CAIRO — A long night of political bloodshed in Egypt left at least 12 people dead on Tuesday, wounded 86 and seemed to dispel any notion that the military’s ouster of President Mohamed Morsi nearly three weeks ago would quickly provide the security that Egypt’s generals covet.
The death toll was the highest in a single stretch since July 8, when at least 62 people were killed by gunfire from soldiers and police officers who shot at a group of Mr. Morsi’s supporters.
Images of the latest fighting between Mr. Morsi’s supporters and opponents, which began on Monday, were jarring. Civilians, including a well-known actor, were seen firing weapons during running battles near Cairo landmarks.
The clashes, which flared in several Cairo neighborhoods and north of the city, offered further proof that the country’s warring political forces were content to let their feud play out in the streets. As Egypt’s new military-backed government has moved swiftly to assert its authority, Mr. Morsi’s movement, the Muslim Brotherhood, has refused, at least publicly, to abandon its determination to see him restored.
“The violence is a reflection of the political deadlock and the inability to find a way out,” said Khalil al-Anani, a leading academic expert on Egyptian politics and political Islam. And on both sides, he said, “the camps that favor confrontation have the upper hand.”
Egypt’s post-Morsi government, its authority in dispute, has given little indication that it has a solution to the bloodshed. On Tuesday, officials gave mixed messages about their approach.
A spokesman for the interim president, Adli Mansour, delivered a stern warning to Mr. Morsi’s supporters, saying that “Egypt will not be a second Syria, and those who push in that direction are traitors,” according to the state news media.
“Those wheezing as they chase foreign media, and who run after the capitals of the West to falsify the facts of the revolution and the Egyptian state, will only get shame and disgrace,” he said.
Mohamed ElBaradei, the Nobel laureate, who serves as one of Mr.
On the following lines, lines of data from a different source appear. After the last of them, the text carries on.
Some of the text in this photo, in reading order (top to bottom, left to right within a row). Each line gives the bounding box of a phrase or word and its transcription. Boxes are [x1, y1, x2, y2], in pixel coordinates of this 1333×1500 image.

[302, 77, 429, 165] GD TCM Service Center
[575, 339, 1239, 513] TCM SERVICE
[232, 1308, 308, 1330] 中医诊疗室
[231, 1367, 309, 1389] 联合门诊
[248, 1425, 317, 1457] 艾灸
Mansour’s vice presidents, struck a more conciliatory note, urging the newly appointed justice minister to investigate the July 8 killings, as well as the recent killings of three pro-Morsi demonstrators in the city of Mansura.
“Transitional justice and national reconciliation based on accepting the other is our only option,” he wrote on Twitter. “I pray to God that we understand that violence doesn’t dress wounds, it opens new ones.”
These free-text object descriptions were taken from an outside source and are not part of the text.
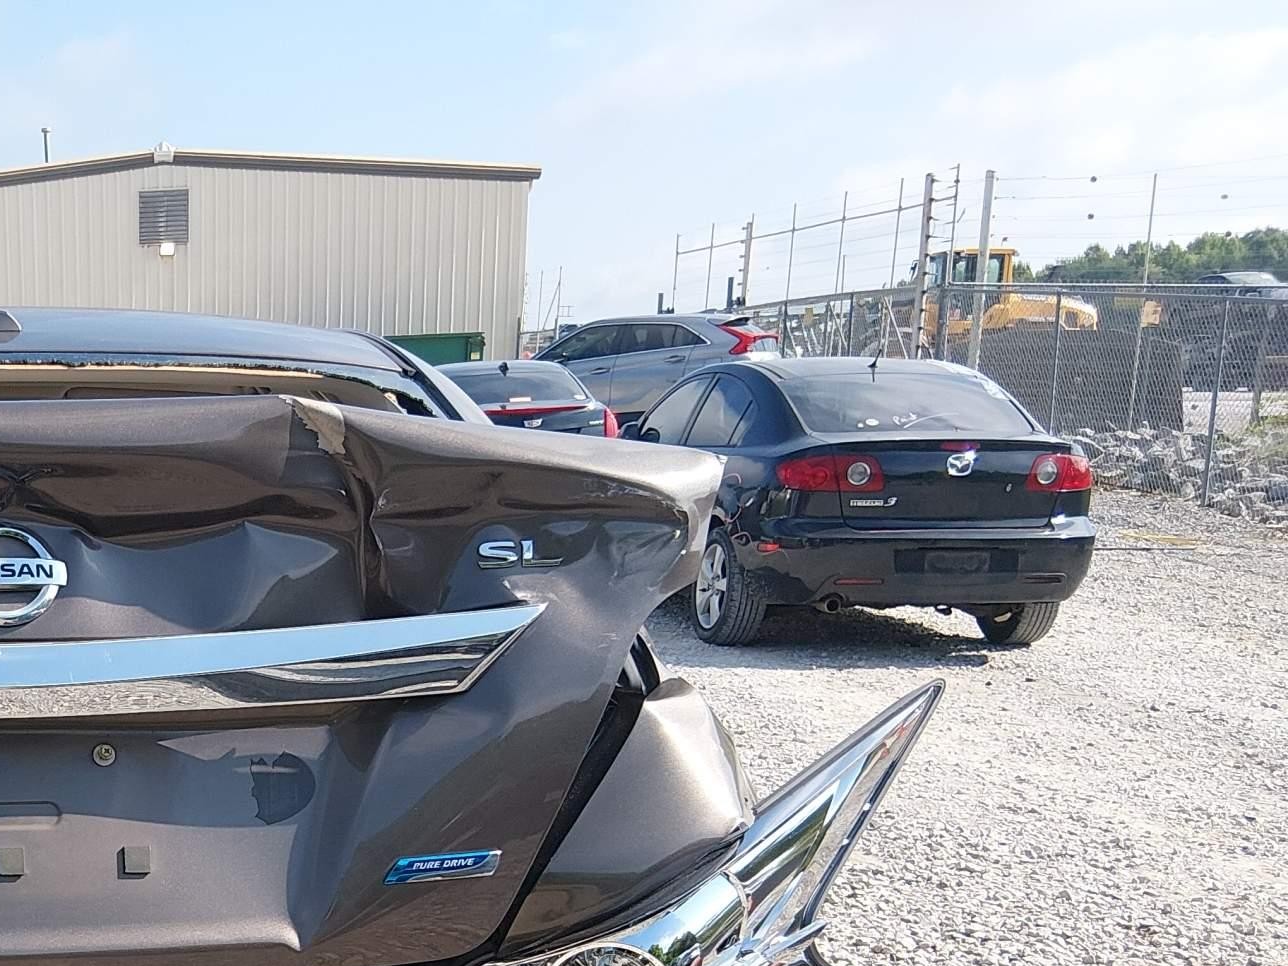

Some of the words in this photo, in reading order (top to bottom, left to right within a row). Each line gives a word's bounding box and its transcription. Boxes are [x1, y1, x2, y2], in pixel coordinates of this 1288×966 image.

[477, 540, 563, 568] SL
[412, 860, 441, 871] PURE
[443, 857, 476, 868] DRIVE
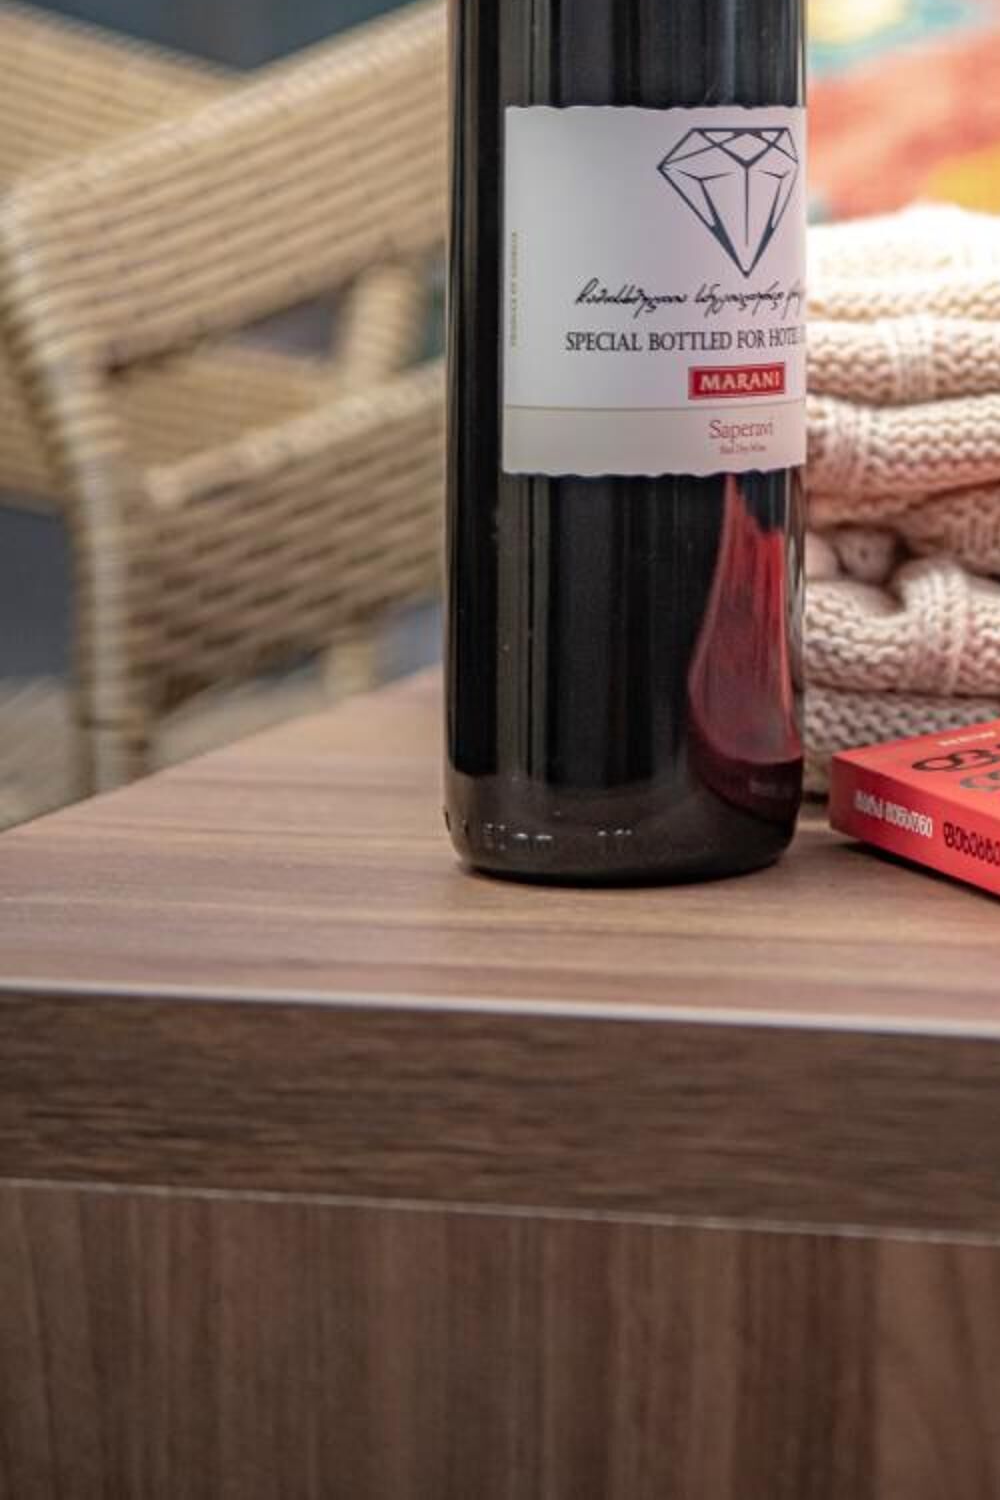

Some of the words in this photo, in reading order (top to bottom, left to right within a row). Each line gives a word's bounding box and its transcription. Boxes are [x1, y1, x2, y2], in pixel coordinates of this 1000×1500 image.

[565, 331, 643, 352] SPECIAL
[648, 331, 732, 352] BOTTLED
[737, 328, 766, 349] FOR
[768, 325, 804, 347] HOTE
[699, 368, 781, 391] MARANI
[708, 418, 774, 443] Saperavi
The bloodshed has spread beyond the political fights in the capital, intensifying the sense of a vacuum in leadership. Violence has flared in the Sinai Peninsula, where civilians and more than a dozen soldiers have been killed in attacks by unidentified militants since the military takeover on July 3.
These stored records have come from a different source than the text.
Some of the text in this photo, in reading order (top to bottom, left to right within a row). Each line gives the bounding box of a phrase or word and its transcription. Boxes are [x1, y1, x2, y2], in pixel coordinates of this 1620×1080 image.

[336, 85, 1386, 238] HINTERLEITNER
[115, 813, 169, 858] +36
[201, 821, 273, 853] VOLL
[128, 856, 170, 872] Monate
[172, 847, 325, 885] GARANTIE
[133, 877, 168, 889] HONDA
Two days later, the authorities stood by as an angry crowd set upon Christian families near Luxor, killing four people, after the body of a Muslim man was found near Christian homes. In a report released on Tuesday, Amnesty International said that “security forces on the scene made only halfhearted attempts to end the violence.”
The group said it had “documented a series of cases in the past where Egypt’s security forces used unnecessary force or live fire during demonstrations, yet in this case, they held back, even though people’s lives were threatened.”
The latest fighting in Cairo was apparently set off by Mr. Morsi’s supporters, during a provocative march near the opposition stronghold in Tahrir Square. Other clashes were murkier, and on Tuesday, the Muslim Brotherhood accused the police of joining attacks on its supporters or providing cover for plainclothes thugs. At a news conference, medics displayed graphic pictures of victims with gunshot wounds. In a protest square near Cairo University for Mr. Morsi’s supporters, cars gutted by fire or with smashed windows marked the site of fighting that killed nine people.
“We want security!” a sobbing man yelled to friends who tried to console him. A mother and her two children, carrying suitcases, made their way out of the square.
The violence has peaked as Mr. Morsi’s supporters have intensified their protests with daily marches in cities around Egypt, to publicize what they call a “putsch” by the army. The marches also seem designed to create the kind of chaos that the Brotherhood accused Mr. Morsi’s opponents of fomenting to undermine his presidency.